I was surprised to read about the no tree cutting laws around Tahoe. In Colorado, they encourage people who own homes surrounded by forests to clear the trees and brush near their homes. When a forest fire sweeps through, firefighters triage the houses, and will not defend those without a clearing around them.
This isn’t the first time. I believe the fires in San Diego county a few years ago were much more devastating than they would have been because the environazis had made it impossible to clear away dead underbrush.
"Show me just what Mohammed brought that was new, and there you will find things only evil and inhuman, such as his command to spread by the sword the faith he preached." - Manuel II Palelologus
Because my district is heavily forested, I have helped to encourage establishment and direct RAC funding to local Fire Safe Councils. I believe we have 20 now:
http://www.firesafesiskiyou.org/Public/HomePage
More funding is needed to thin shaded fuel breaks around vulnerable communities. (These drop fire from a fast moving crown fire to a controllable ground fire.) The Forest Service needs additional funding to heavily thin in the Wildland Urban Interface. Many of my communities are surrounded by forests with heavy fuel build up. This is due to a combination of prohibitions
on logging from the Northwest Forest Plan, repeated environmental lawsuits, expanding Wilderness areas, fire suppression, budget cuts, the direction of funds to Southern California and steep slopes making thinning more expensive and requiring more hand treatment.
Our County even declared the National Forest to be a public nuisance due to fuel conditions. We frequently have huge forest fires.

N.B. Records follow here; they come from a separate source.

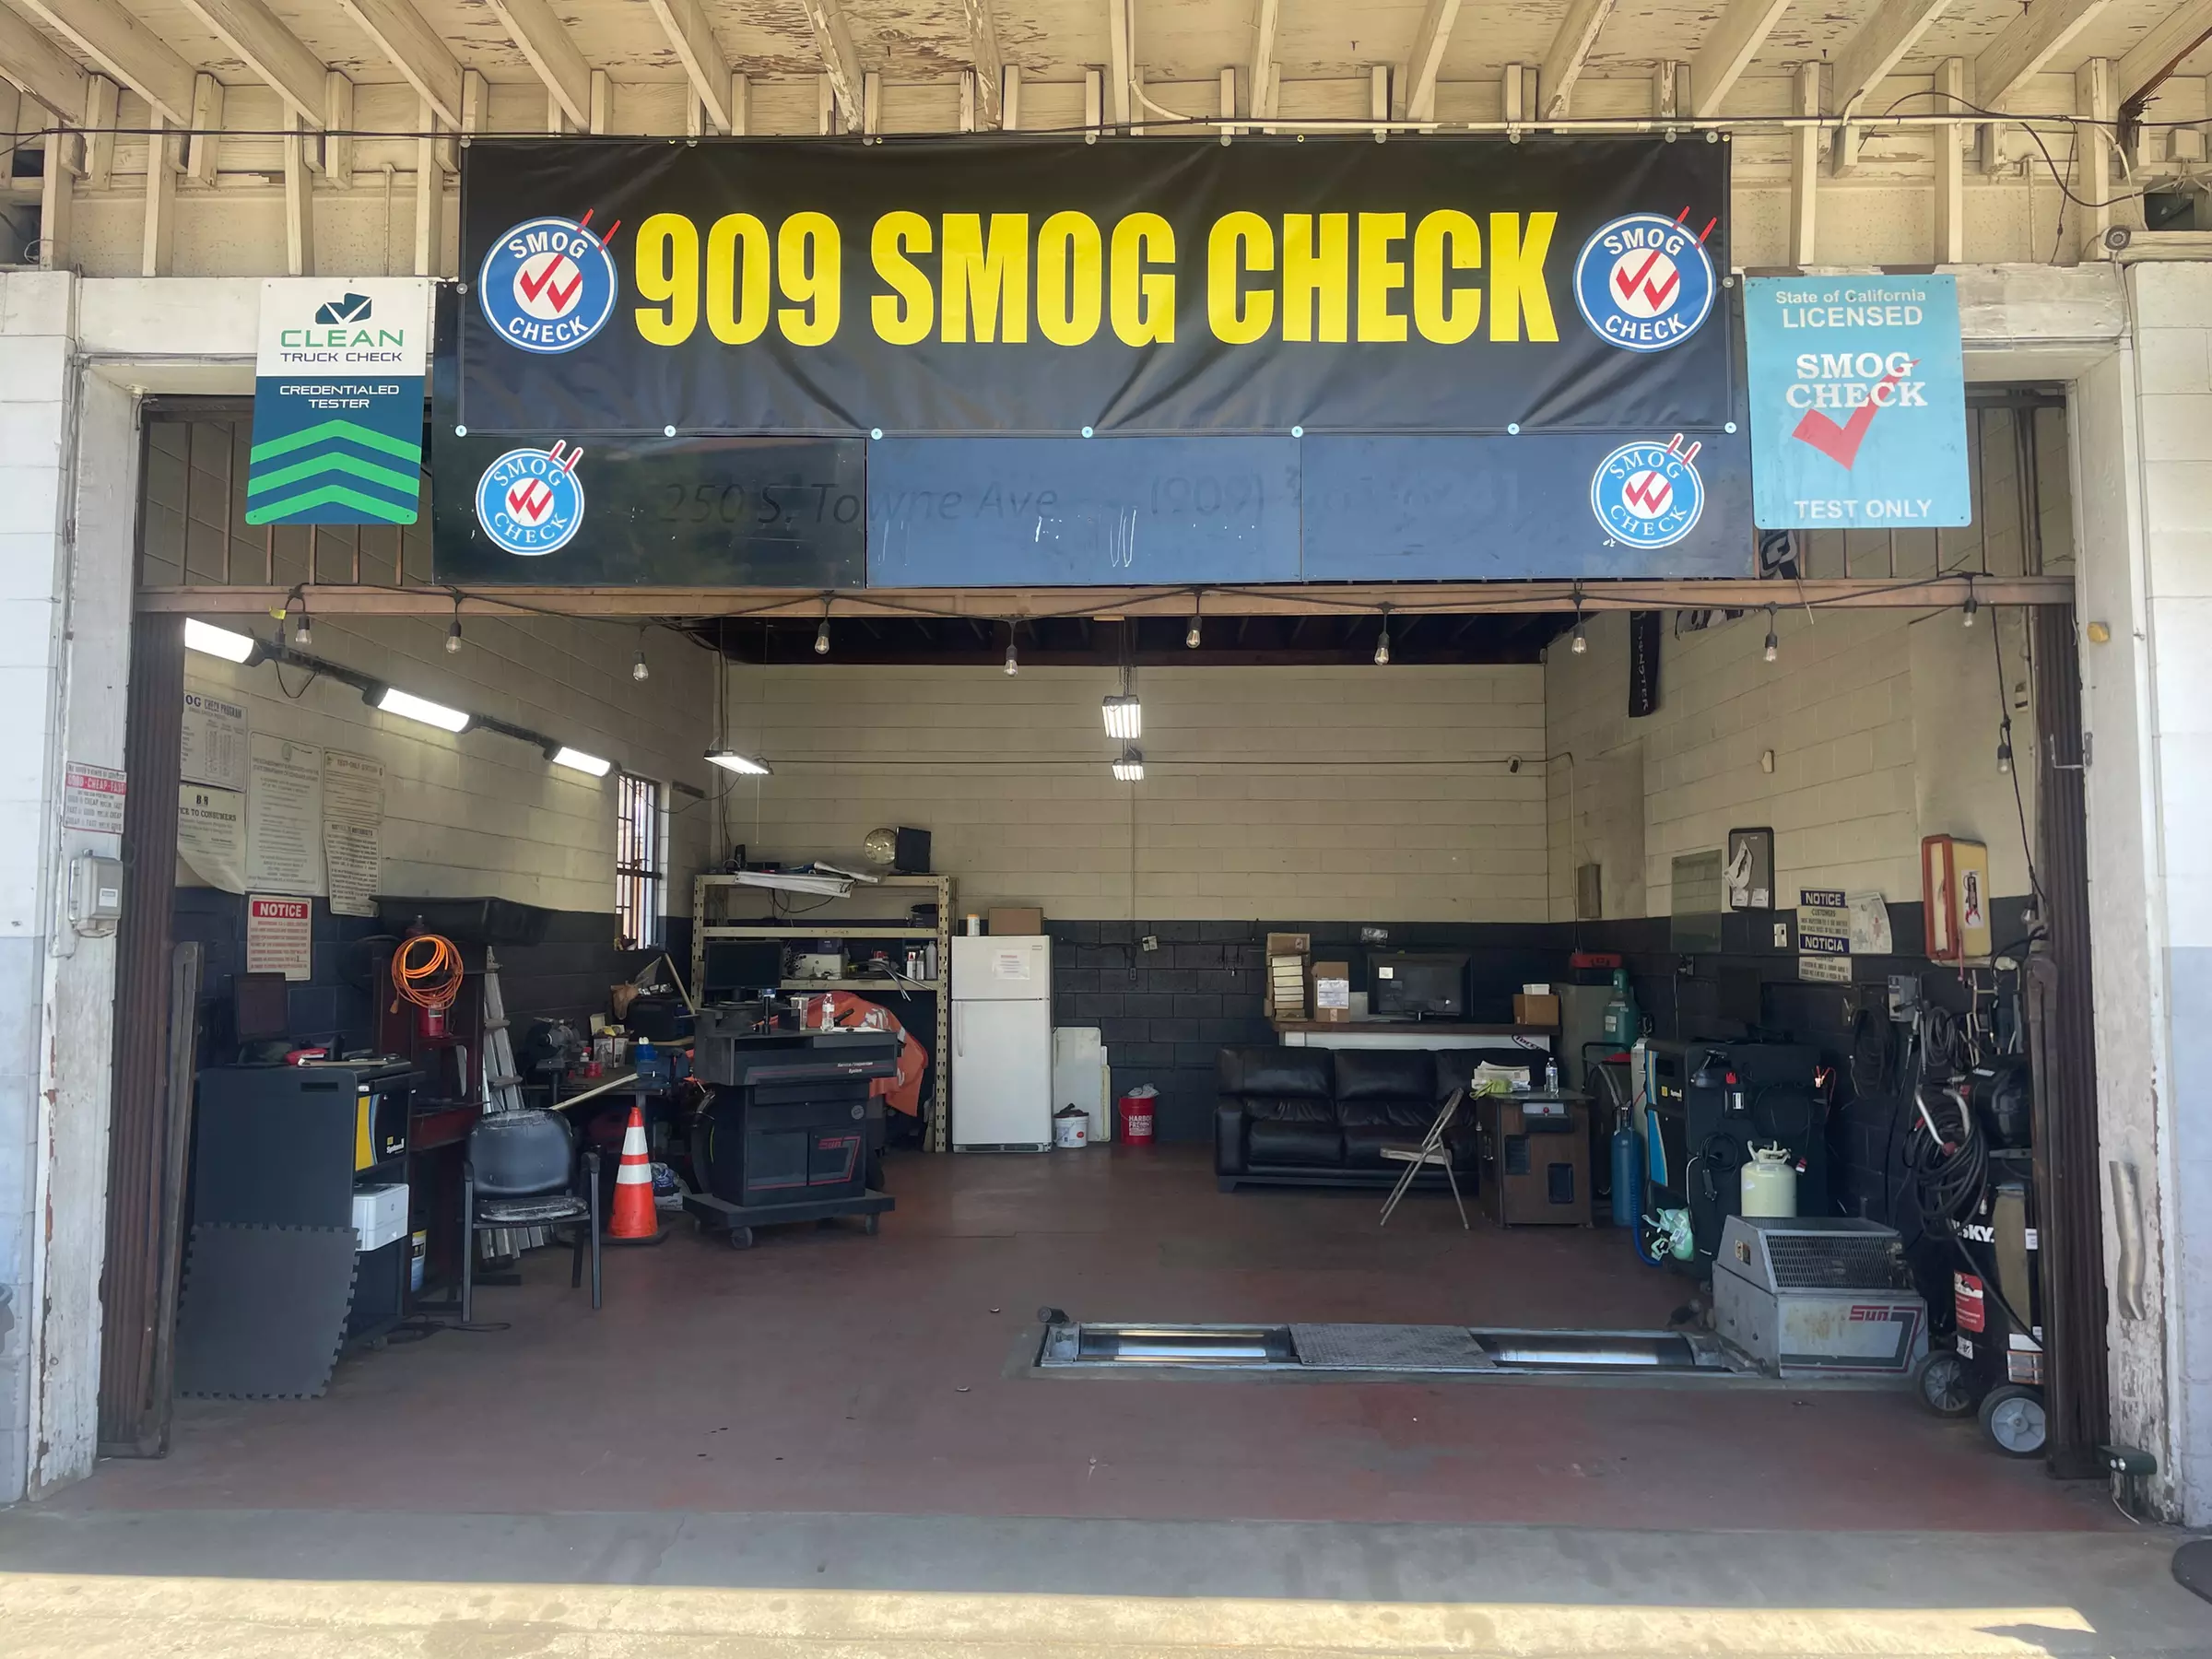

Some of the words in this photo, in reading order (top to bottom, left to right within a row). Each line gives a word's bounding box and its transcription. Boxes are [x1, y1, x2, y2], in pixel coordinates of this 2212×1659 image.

[508, 231, 589, 259] SMOG
[1603, 228, 1685, 256] SMOG
[635, 211, 841, 347] 909
[870, 211, 1176, 347] SMOG
[1207, 209, 1559, 345] CHECK
[1775, 290, 1818, 304] State
[1823, 289, 1841, 303] of
[1844, 288, 1926, 303] California
[508, 315, 589, 343] CHECK
[1605, 312, 1688, 340] CHECK
[1783, 306, 1924, 328] LICENSED
[280, 329, 405, 347] CLEAN
[280, 352, 339, 362] TRUCK
[346, 352, 403, 362] CHECK
[1796, 352, 1913, 379] SMOG
[279, 385, 400, 395] CREDENTIALED
[1785, 382, 1928, 408] CHECK
[308, 398, 370, 409] TESTER
[493, 458, 566, 487] SMOG
[1609, 451, 1685, 479] SMOG
[658, 483, 745, 524] 250
[811, 481, 962, 524] Towne
[974, 480, 1058, 521] Ave
[1794, 500, 1859, 519] TEST
[1865, 499, 1933, 519] ONLY
[494, 512, 569, 544] CHECK
[1610, 504, 1688, 535] CHECK
[183, 694, 201, 707] OG
[260, 903, 302, 917] NOTICE
[1806, 892, 1841, 906] NOTICE
[1805, 935, 1844, 952] NOTICIA
[1849, 1305, 1891, 1322] Sun

The environmentalists have to get off their high center on not harvesting trees above a certain diameter. They have this belief that these trees mean protection of “Old Growth.” Anyone who has seen density depressed tree growth can tell you a very small diameter tree can be a hundred years old. It just doesn’t get the water sunlight and nutrients to grow bigger.
Silvaculture is the art of growing trees. You thin to encourage the growth of the dominant trees to produce park-like old growth characteristics. To do this, trees need to be spaced, just like carrots in a garden. Some larger sub-dmoninant trees may be taken to make the dominant trees more healthy and fire resistant. The commercial value of these trees may also help to offset the costs of thinning.
(With the new fire-resistant building material requirements that will go into effect on 2008, hopes for use of thinned trees as building material -with commercial value - is rapidly waning.)
Of course, part of the problem is that we have dismantled and shut down most of the timber mills in these forested regions of California that can actually mill a big tree. And you can bet that no one will build another without a long term guarantee of timber supply. Perhaps we will end up like Southern California hauling the wood out into the desert to rot in piles.
If you want to read and see something about the scientific study of fire and how it moves through different densities of forest, this is a great site: http://www.fs.fed.us/psw/programs/ecology_of_western_forests/projects/blacks_mountain/blacks_mountainres.shtml
It is the Pacific Southwest Research Station at Blacks Mountain. They had done various treatments of the forest to observe growth. A forest fire went right through the area and they now have examples of what the fire did to each treatment area.